The farmer stared, and thought his new friend not quite so sound in his mental as he evidently was in his physical conformation, but replied, with a laugh, "Make yourself easy, then. I have only one niece, and she is married to an iron-monger and lives in Exeter."

On entering the farmhouse, Kenelm's host conducted him straight into the kitchen, and cried out, in a hearty voice, to a comely middle-aged dame, who, with a stout girl, was intent on culinary operations, "Hulloa! old woman, I have brought you a guest who has well earned his supper, for he has done the work of two, and I have promised him a bed."

The farmer's wife turned sharply round. "He is heartily welcome to supper. As to a bed," she said doubtfully, "I don't know." But here her eyes settled on Kenelm; and there was something in his aspect so unlike what she expected to see in an itinerant haymaker, that she involuntarily dropped a courtesy, and resumed, with a change of tone, "The gentleman shall have the guest-room: but it will take a little time to get ready; you know, John, all the furniture is covered up."

"Well, wife, there will be leisure eno' for that. He don't want to go to roost till he has supped."

"Certainly not," said Kenelm, sniffing a very agreeable odour.

"Where are the girls?" asked the farmer.

"They have been in these five minutes, and gone upstairs to tidy themselves."

"What girls?" faltered Kenelm, retreating towards the door. "I thought you said you had no nieces."

"But I did not say I had no daughters.
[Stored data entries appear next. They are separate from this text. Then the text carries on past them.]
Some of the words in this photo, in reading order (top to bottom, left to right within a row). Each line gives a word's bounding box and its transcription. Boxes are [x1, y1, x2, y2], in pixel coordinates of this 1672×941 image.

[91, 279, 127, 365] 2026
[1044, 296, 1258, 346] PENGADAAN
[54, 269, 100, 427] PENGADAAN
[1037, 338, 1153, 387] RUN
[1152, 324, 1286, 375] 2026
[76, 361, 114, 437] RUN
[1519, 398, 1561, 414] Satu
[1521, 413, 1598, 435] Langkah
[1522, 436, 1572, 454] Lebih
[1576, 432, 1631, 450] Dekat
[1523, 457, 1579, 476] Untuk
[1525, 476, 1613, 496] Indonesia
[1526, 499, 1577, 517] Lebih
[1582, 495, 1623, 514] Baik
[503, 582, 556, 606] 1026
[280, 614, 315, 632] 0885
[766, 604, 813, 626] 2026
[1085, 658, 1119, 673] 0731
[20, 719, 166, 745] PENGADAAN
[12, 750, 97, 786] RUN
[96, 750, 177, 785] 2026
Why, you are not afraid of them, are you?"

"Sir," replied Kenelm, with a polite and politic evasion of that question, "if your daughters are like their mother, you can't say that they are not dangerous."

"Come," cried the farmer, looking very much pleased, while his dame smiled and blushed, "come, that's as nicely said as if you were canvassing the county. 'Tis not among haymakers that you learned manners, I guess; and perhaps I have been making too free with my betters."

"What!" quoth the courteous Kenelm, "do you mean to imply that you were too free with your shillings? Apologize for that, if you like, but I don't think you'll get back the shillings. I have not seen so much of this life as you have, but, according to my experience, when a man once parts with his money, whether to his betters or his worsers, the chances are that he'll never see it again."

At this aphorism the farmer laughed ready to kill himself, his wife chuckled, and even the maid-of-all-work grinned. Kenelm, preserving his unalterable gravity, said to himself,—

"Wit consists in the epigrammatic expression of a commonplace truth, and the dullest remark on the worth of money is almost as sure of successful appreciation as the dullest remark on the worthlessness of women. Certainly I am a wit without knowing it."

Here the farmer touched him on the shoulder—touched it, did not slap it, as he would have done ten minutes before—and said,—

"We must not disturb the Missis or we shall get no supper. I'll just go and give a look into the cow-sheds. Do you know much about cows?"

"Yes, cows produce cream and butter. The best cows are those which produce at the least cost the best cream and butter. But how the best cream and butter can be produced at a price which will place them free of expense on a poor man's breakfast-table is a question to be settled by a Reformed Parliament and a Liberal Administration. In the meanwhile let us not delay the supper."

The farmer and his guest quitted the kitchen and entered the farmyard.

"You are quite a stranger in these parts?"

"Quite."

"You don't even know my name?"

"No, except that I heard your wife call you John."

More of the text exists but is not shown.